I only said you "may." I must confess that, to a large extent, I agree with the last speaker. I was disappointed when I read this Bill. I looked back to the time when the original Act was passed in 1926, and I remember that many of us voted for that Bill in the hope that the effect of it would be to diminish the "betting evil," as I think it is rightly called, rather than to increase it. It was said that to bring that evil to the surface would make it easier to deal with. If we consider what has happened since 1926 I think it will not be contended against that the effect has been a very large increase, particularly amongst those who can least afford it. We see springing up like mushrooms, in all directions, betting shops. In one respect the Bill will probably improve things. It will prevent the loitering of people about these shops, but the shops will be there as advertisements of and incitements to betting. I think that it will be admitted that since 1926 there has been an immense increase in bets— particularly in small bets. It appears to me that the effect of this Bill will be that where a person has, up to the present, put on 6d., which he or she could very ill afford, he will in future put on l/-, which he can still less afford. In one respect the Bill will tend to diminish and restrict betting inasmuch as it prevents those who are under the age of 18 from betting. That and the provision as to loitering seem to be the two good points in the Bill. But when the Bill comes into operation, as I am sure it will, I do not think we shall have done very much to effect what I had hoped this Betting Bill would do—something to bring about a large and important diminution in betting. It will make some difference, but I do not think it will make a very serious difference. In that respect I hold largely the same views that Deputy Little has expressed. One could only deal with some of the points that he has mentioned by referring to what might be in the Bill but which it would probably not be in order to attempt to introduce in the Bill in its future stages.

I think it would.

I doubt it. The two points I have mentioned—the prevention of loitering and the prohibition of betting by those under the age of 18—are sufficient to justify me in voting for the Bill.

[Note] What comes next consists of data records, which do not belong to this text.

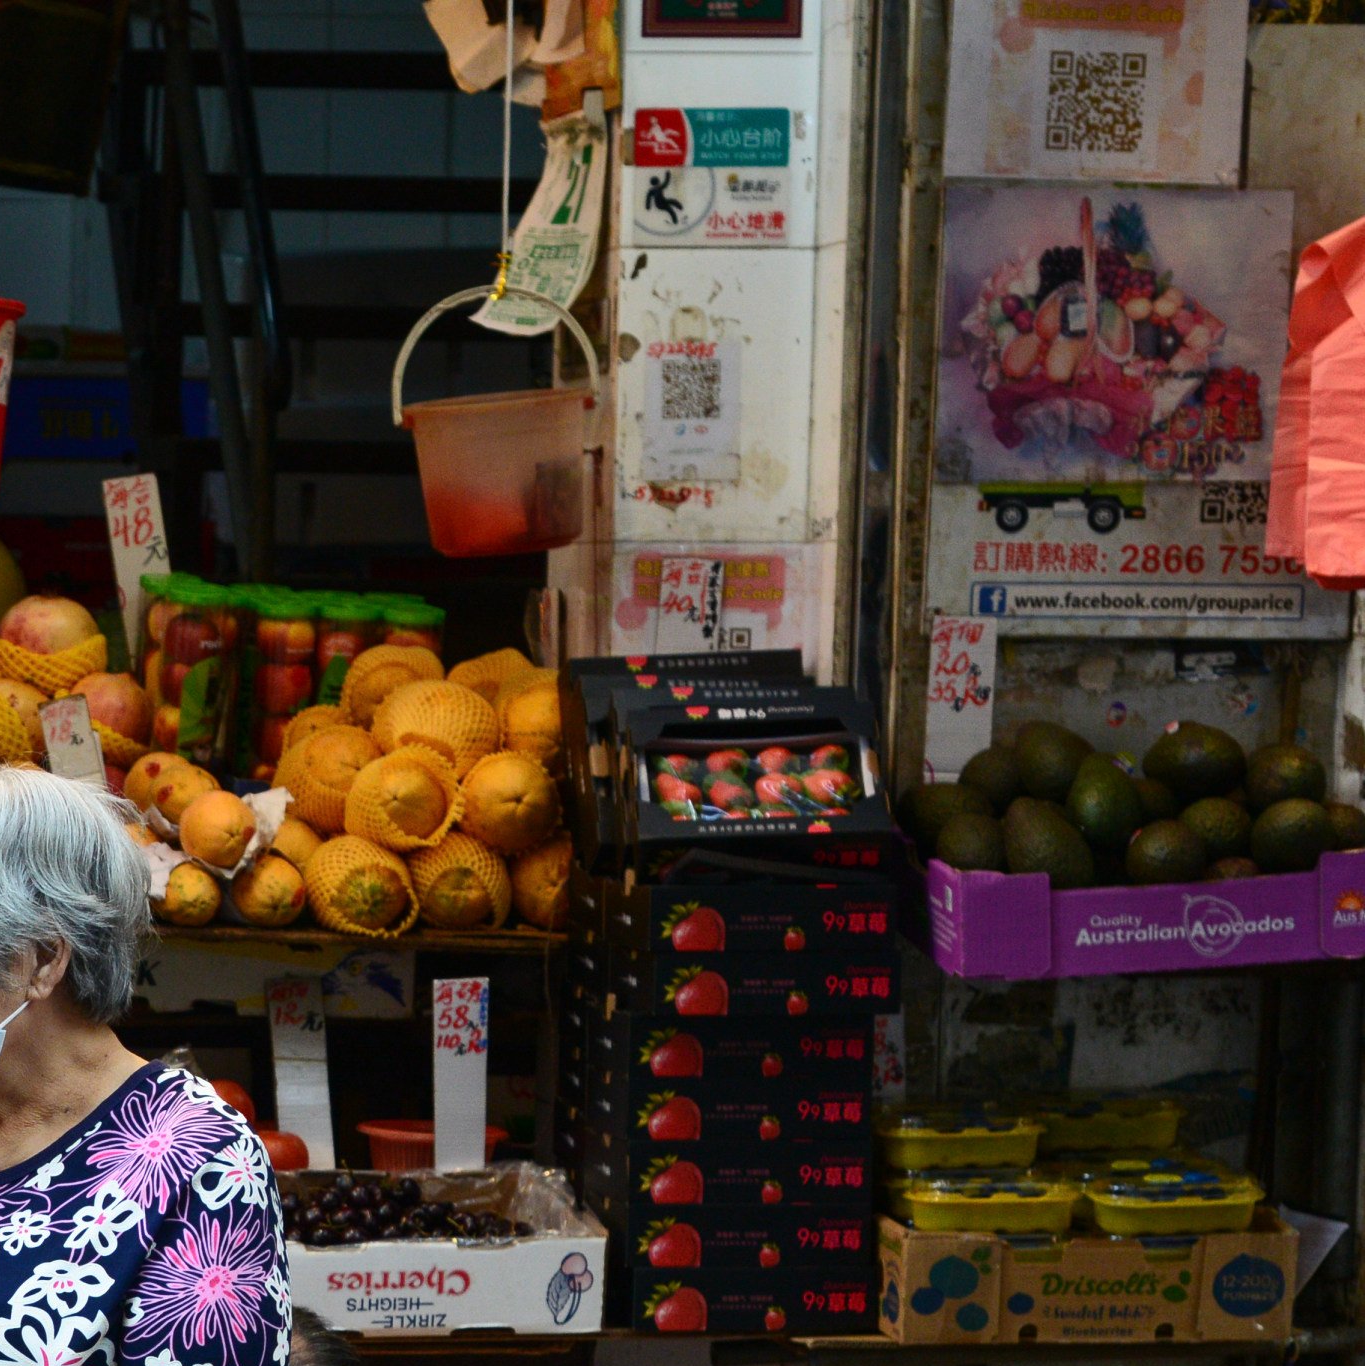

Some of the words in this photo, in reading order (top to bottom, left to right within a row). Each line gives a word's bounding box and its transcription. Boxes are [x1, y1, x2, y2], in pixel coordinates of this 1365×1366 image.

[700, 126, 784, 149] 小心台阶
[705, 210, 787, 231] 小心地滑
[973, 541, 1109, 575] 訂購熱線:
[1120, 546, 1205, 574] 2866
[1014, 591, 1295, 616] www.facebook.com/grouparice
[821, 908, 888, 935] 99草莓
[1075, 923, 1186, 948] Australian
[1192, 914, 1296, 940] Avocados
[1090, 914, 1143, 930] Quality
[825, 973, 892, 1000] 99草莓
[799, 1035, 866, 1061] 99草莓
[796, 1099, 863, 1125] 99草莓
[798, 1163, 865, 1189] 99草莓
[796, 1226, 863, 1252] 99草莓
[327, 1264, 472, 1297] Cherries
[1040, 1271, 1161, 1298] Driscoll's
[346, 1296, 420, 1312] HEIGHTS
[801, 1288, 868, 1315] 99草莓
[384, 1313, 447, 1329] ZIRKLE
[1062, 1325, 1135, 1338] Blueberries

The points raised in the arguments I have heard are mainly Committee points. Apart from the radical changes which Deputy Little desires to make in the Bill, the other points can be dealt with in Committee.

Question put and agreed to.

Might I ask the Minister if he would accept the principle of giving powers to the Minister for Justice to regulate from time to time by means of orders to be laid upon the Table of the House?

The Deputy will have an opportunity of mentioning that matter on the Committee Stage.

I would like you to have that matter considered favourably because it would be very much better to have things regulated in that fashion.

Committee Stage fixed for Wednesday, 17th December.